The good news? There are ways to fight back against these winter sleep disruptions and give both your sleep and mental health a boost. For some proactive lifestyle changes to take during the winter months, we consulted with Vivan Chung-Easton, a mental health therapist at Blueprint, an AI Assistant company for mental health clinicians:

  • Get Natural Light During the Day: Exposure to bright natural light, especially in the morning, can help keep your circadian rhythm in check. Try opening the curtains and looking outside in the morning – even if it’s not sunny. Seeing daylight itself is better than not having access to any natural light. Also, if you’d like to purchase a light therapy box, go for it! 30 minutes in the morning should be helpful.
  • Practice Good Sleep Hygiene: Try sticking to a consistent sleep schedule and avoid screens (phone, TV, etc.) at least 30 minutes before bed. Creating a relaxing pre-sleep routine—like stretching or writing down your thoughts and to-do lists—can help calm your mind and keep you from overthinking things.
  • Exercise Regularly: Exercise can be a game-changer for both your sleep and mental health. Getting in some movement looks different for everyone, so find the type of exercise that you enjoy and fits your lifestyle – from low impact walking or yoga to high intensity training. Regularly getting your heart rate up improves sleep quality and has been proven to reduce symptoms of depression and anxiety.
  • Make Time for Relaxing Activities: Take time to relax anytime during the day, not just as you’re winding down at night.  Whether it’s recapping your day with loved ones, stretching, or doing a puzzle –  finding something that helps you relax can prevent your mind from racing when it’s time to sleep.
  • Seek Professional Help if Needed: If winter depression or sleep issues are consistently impacting your ability to get things done during the day, consider speaking with a mental health professional. 

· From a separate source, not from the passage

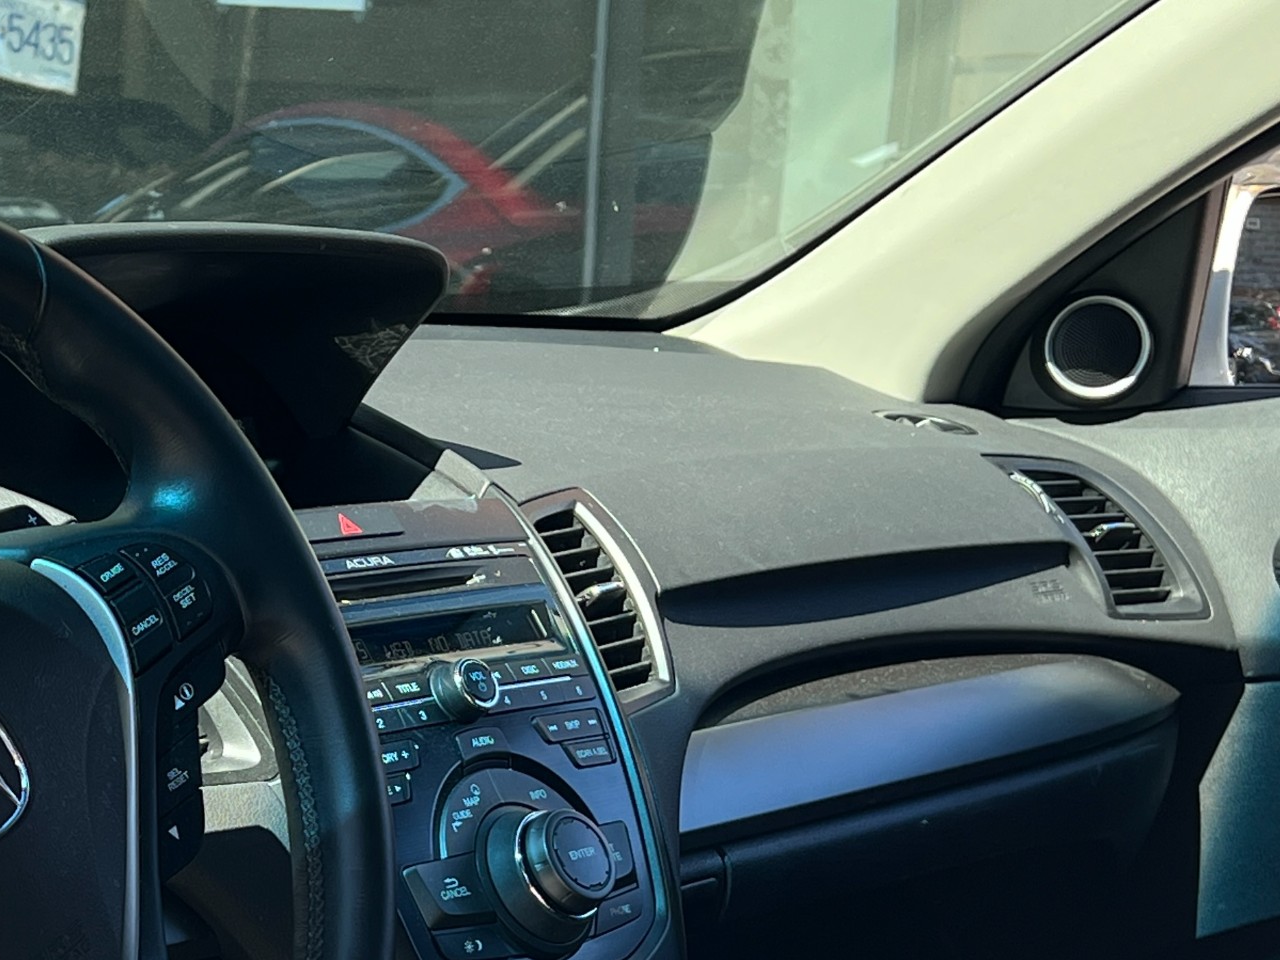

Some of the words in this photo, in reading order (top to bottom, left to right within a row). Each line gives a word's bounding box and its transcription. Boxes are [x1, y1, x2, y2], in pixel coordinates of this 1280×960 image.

Seeing the Light to Enjoy Winter
While winter may not be the season for long, sun-soaked days, it’s possible to find balance and embrace what the season offers without letting it negatively impact your sleep and mental health. By prioritizing light exposure, good sleep habits, and self-care, you can keep your mind and body in sync with the winter season rather than battling against it.

Winter doesn’t have to be a time of perpetual fatigue. With the right strategies, you can stay rested, maintain a positive outlook, and make the most of the season—no matter how short the days may be.